Privacy-preserving webshopping with attributes

Online shopping is one of the most important applications on the Internet and it is one that has been steadily growing over the last decade. With increasing numbers of online shopping transactions there are also raising concerns over privacy and protection of the customer data collected by the webshops. This is why, we need privacy-preserving technologies for online shopping, in the interest of both users and businesses. To design shopping transactions where privacy is one of the main design considerations, we propose to use attributes. Attributes are pieces of data about an entity that are authenticated by some party. Attribute-based technologies go back more than a decade and they have mainly been used for access control, identity management and encryption. In this paper, however, we demonstrate that they can naturally be employed for various transactions in electronic commerce. In particular, we propose a cryptographic webshopping scheme based on attribute-based credentials.
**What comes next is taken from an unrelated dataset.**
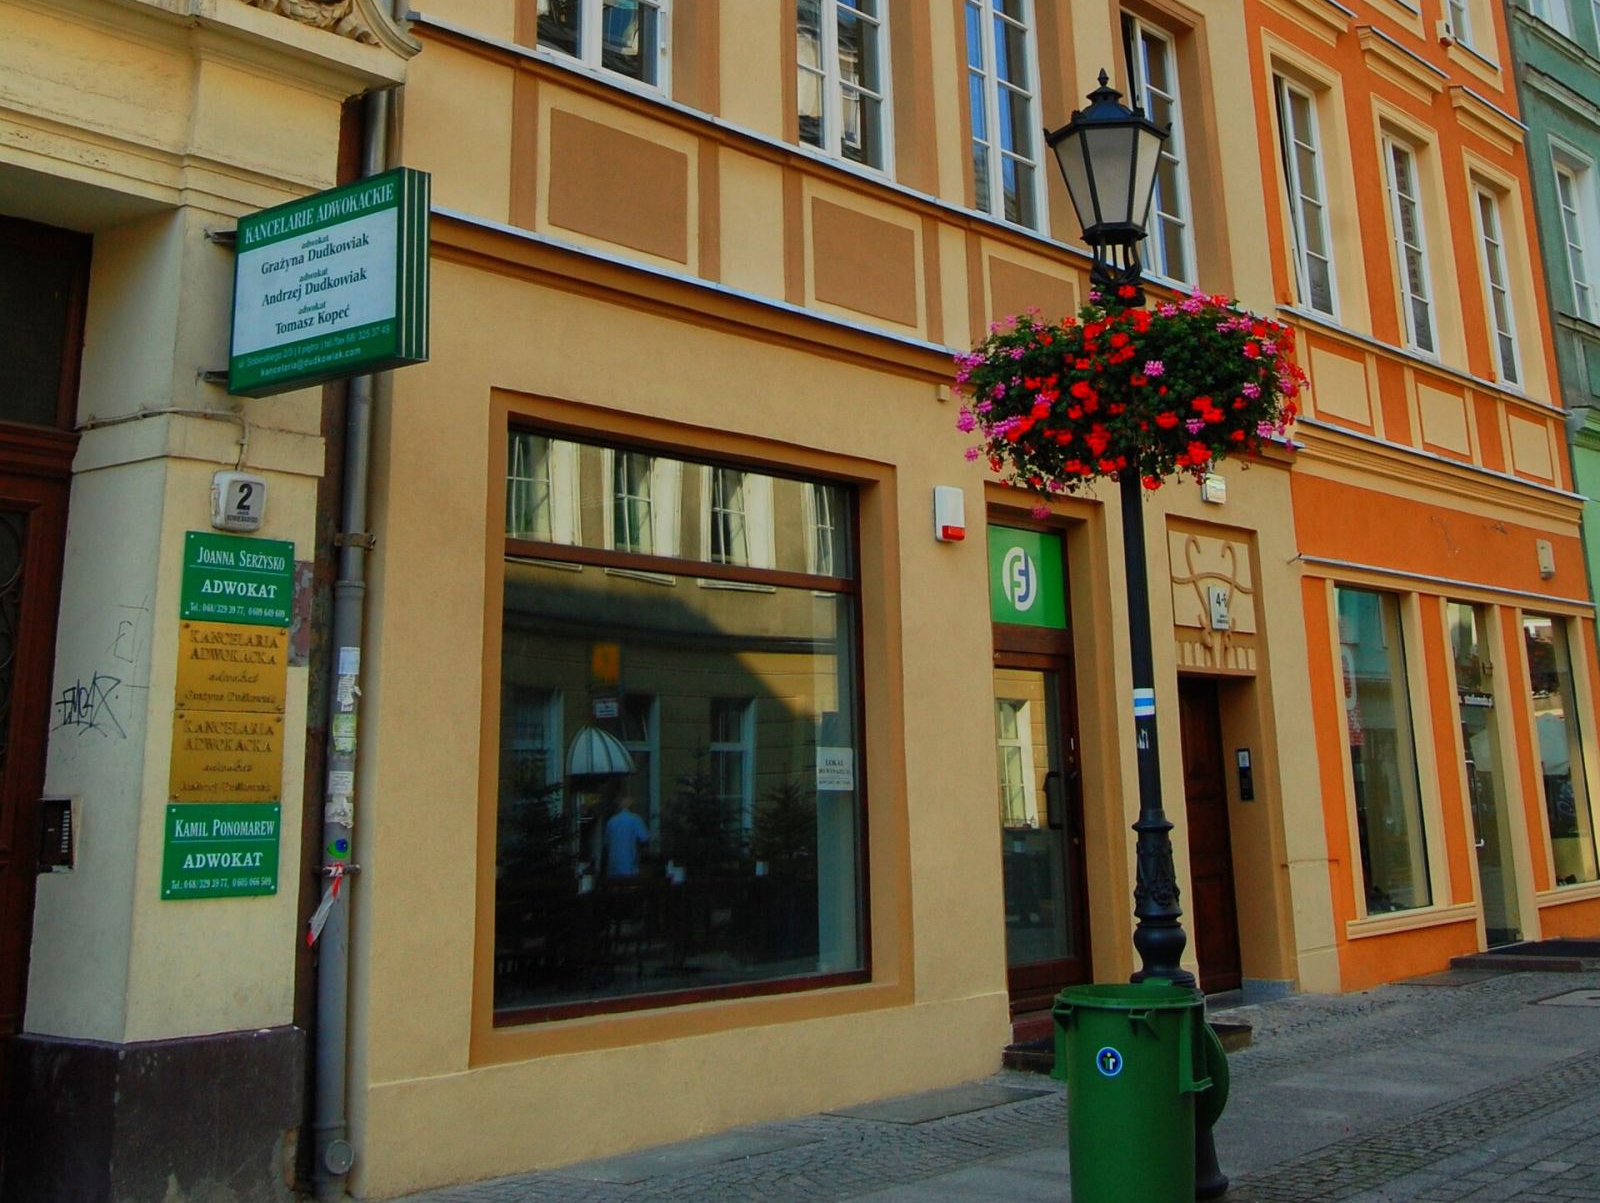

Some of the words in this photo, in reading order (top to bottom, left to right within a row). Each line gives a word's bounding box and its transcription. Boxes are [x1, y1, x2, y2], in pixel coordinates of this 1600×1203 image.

It preserves the functional and security properties required in practice for webshopping, while providing much more privacy for the purchasers. Privacy in this context is defined in terms of data minimization and unlinkability: Purchasers reveal exactly as much information as required in each transaction while leaving no traces that can be linked to their other transactions. In our scheme, a webshop does not learn a purchaser's identity, her financial information (e.g. credit card number or account number) or shipping details (e.g. house address). A bank that processes the payment does not learn the relationship between webshops and purchasers.